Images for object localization
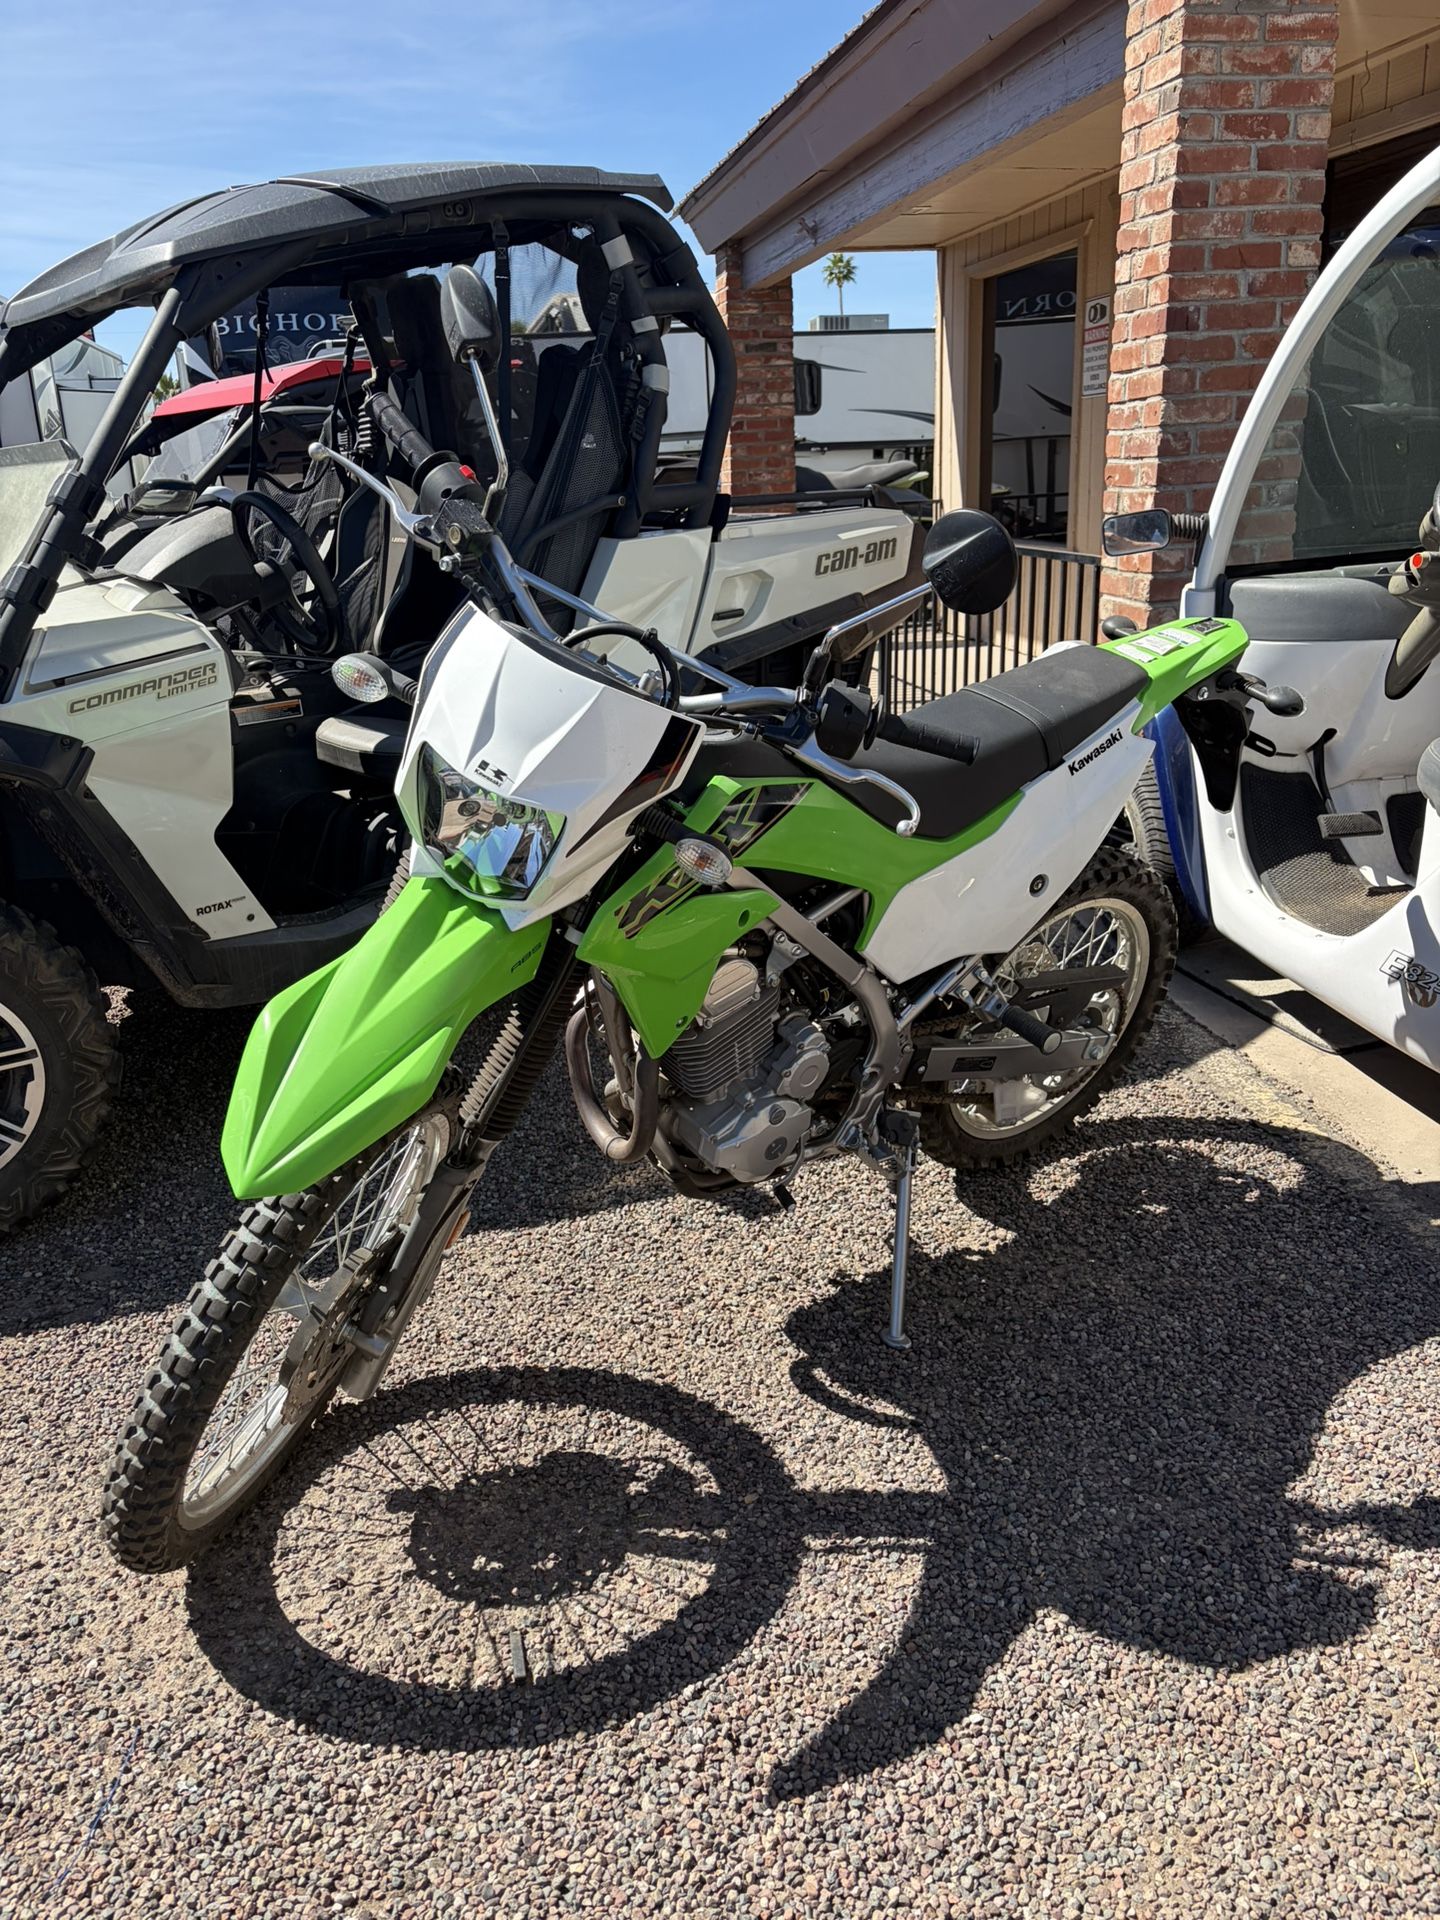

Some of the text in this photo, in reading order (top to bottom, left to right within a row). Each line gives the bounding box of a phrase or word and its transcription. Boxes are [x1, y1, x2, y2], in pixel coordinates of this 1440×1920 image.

[814, 537, 897, 576] can-am
[69, 662, 217, 714] COMMANDER
[157, 675, 217, 700] LIMITED
[1067, 728, 1123, 776] Kawasaki
[196, 899, 232, 916] ROTAX
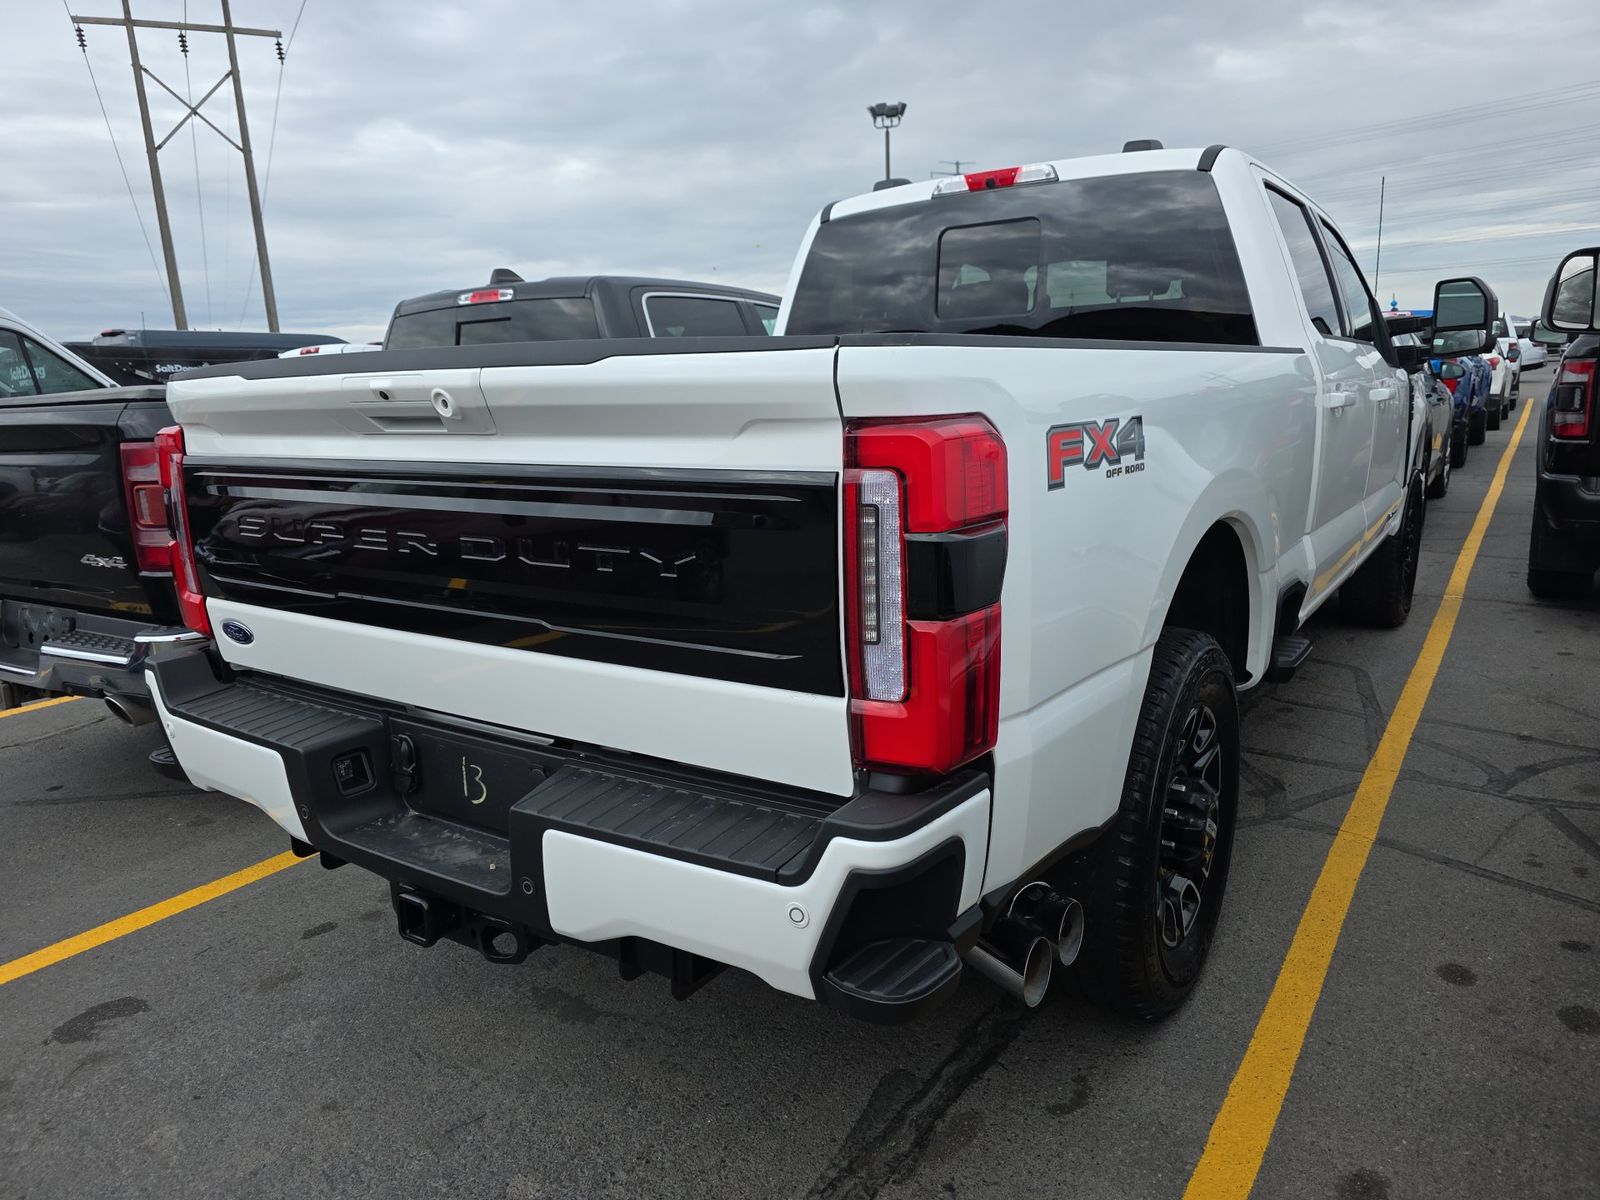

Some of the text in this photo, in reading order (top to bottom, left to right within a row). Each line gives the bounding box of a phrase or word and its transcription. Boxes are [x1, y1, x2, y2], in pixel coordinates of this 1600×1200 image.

[1046, 415, 1145, 491] FX4
[1106, 462, 1146, 478] OFF ROAD
[238, 515, 697, 578] SUPER DUTY

• [Task to complete] Exclude the pictures and give back the rest of the data above exactly as written.

• [Solution to the problem]
Some of the text in this photo, in reading order (top to bottom, left to right within a row). Each line gives the bounding box of a phrase or word and its transcription. Boxes are [x1, y1, x2, y2], in pixel coordinates of this 1440×1920 image.

[814, 537, 897, 576] can-am
[69, 662, 217, 714] COMMANDER
[157, 675, 217, 700] LIMITED
[1067, 728, 1123, 776] Kawasaki
[196, 899, 232, 916] ROTAX

Some of the text in this photo, in reading order (top to bottom, left to right within a row). Each line gives the bounding box of a phrase or word and its transcription. Boxes are [x1, y1, x2, y2], in pixel coordinates of this 1600×1200 image.

[1046, 415, 1145, 491] FX4
[1106, 462, 1146, 478] OFF ROAD
[238, 515, 697, 578] SUPER DUTY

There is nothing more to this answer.